### EXERCISE INSTRUCTIONS
Restate the listing below word for word; no pictures belong in the copy.

### SOURCE INFORMATION
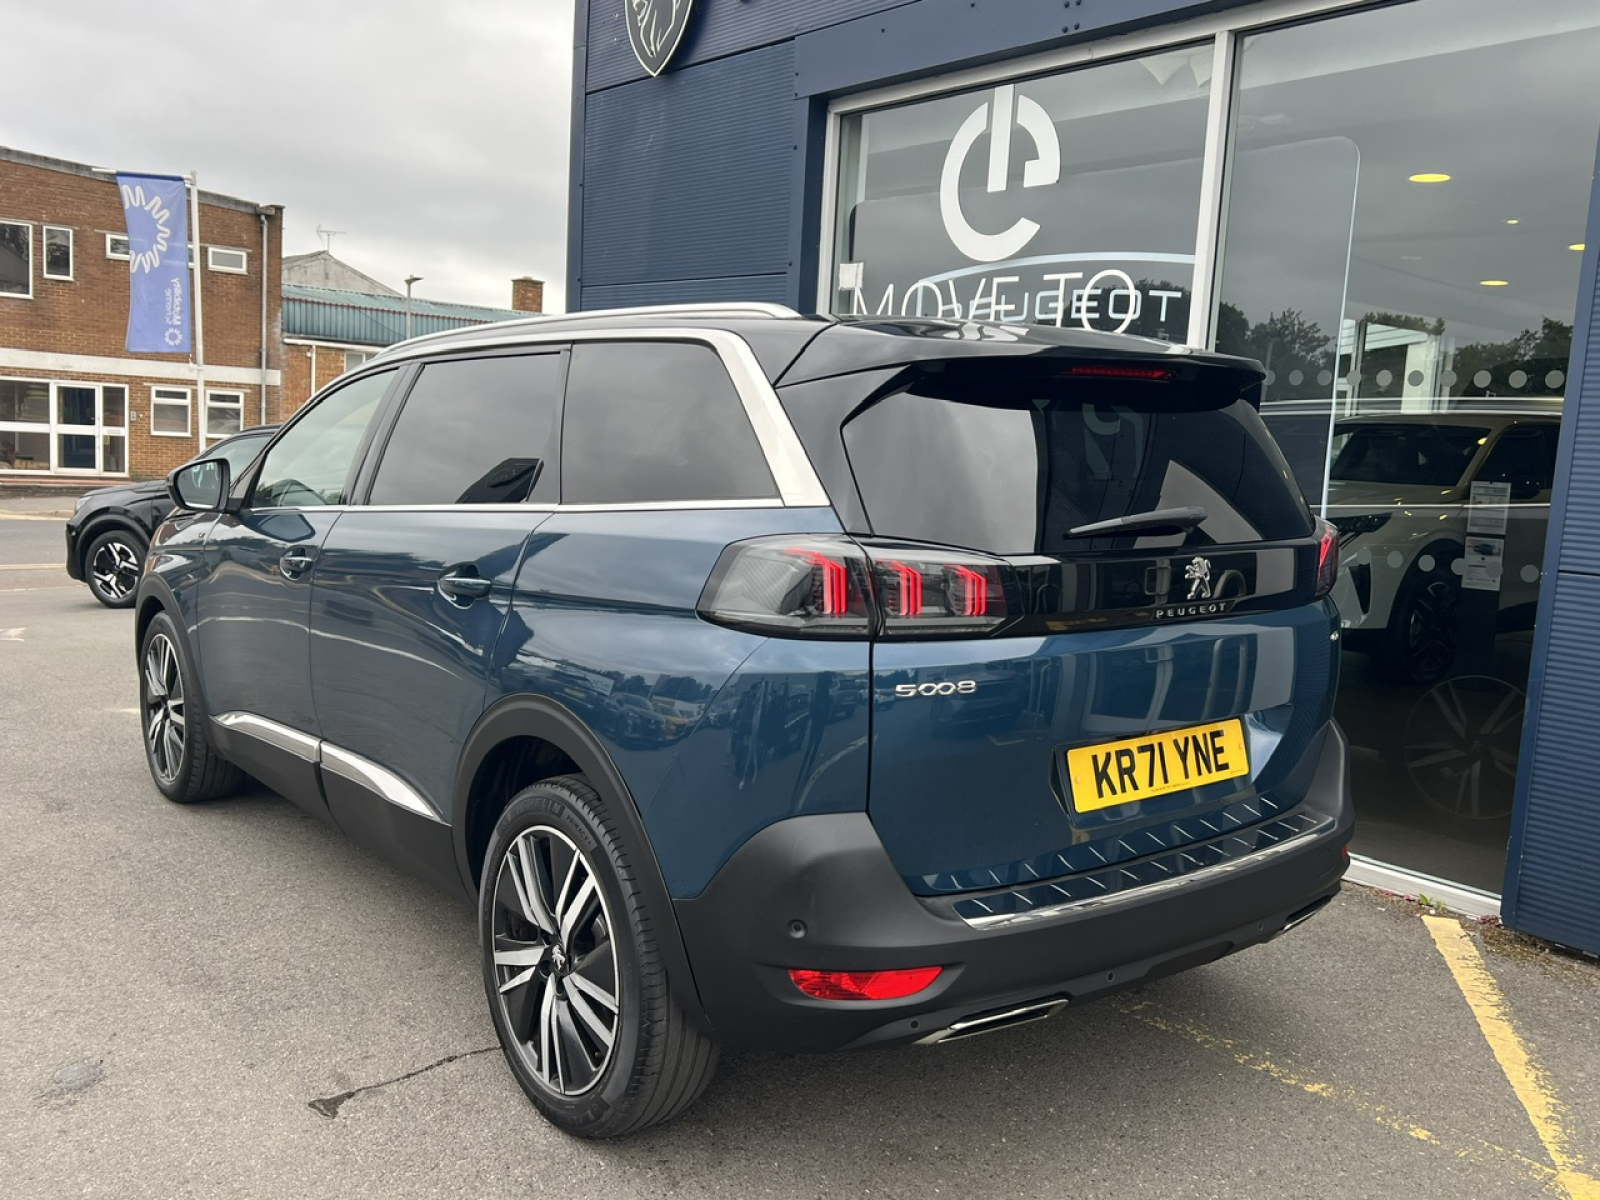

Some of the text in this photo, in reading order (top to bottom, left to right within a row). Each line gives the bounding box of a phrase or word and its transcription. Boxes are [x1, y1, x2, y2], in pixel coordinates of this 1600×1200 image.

[853, 269, 1136, 334] MOVE TO
[1155, 602, 1228, 620] PEUGEOT
[894, 679, 978, 699] 5008
[1091, 729, 1230, 799] KR71 YNE

### ANSWER BOX
Some of the text in this photo, in reading order (top to bottom, left to right within a row). Each line gives the bounding box of a phrase or word and its transcription. Boxes are [x1, y1, x2, y2], in pixel coordinates of this 1600×1200 image.

[853, 269, 1136, 334] MOVE TO
[1155, 602, 1228, 620] PEUGEOT
[894, 679, 978, 699] 5008
[1091, 729, 1230, 799] KR71 YNE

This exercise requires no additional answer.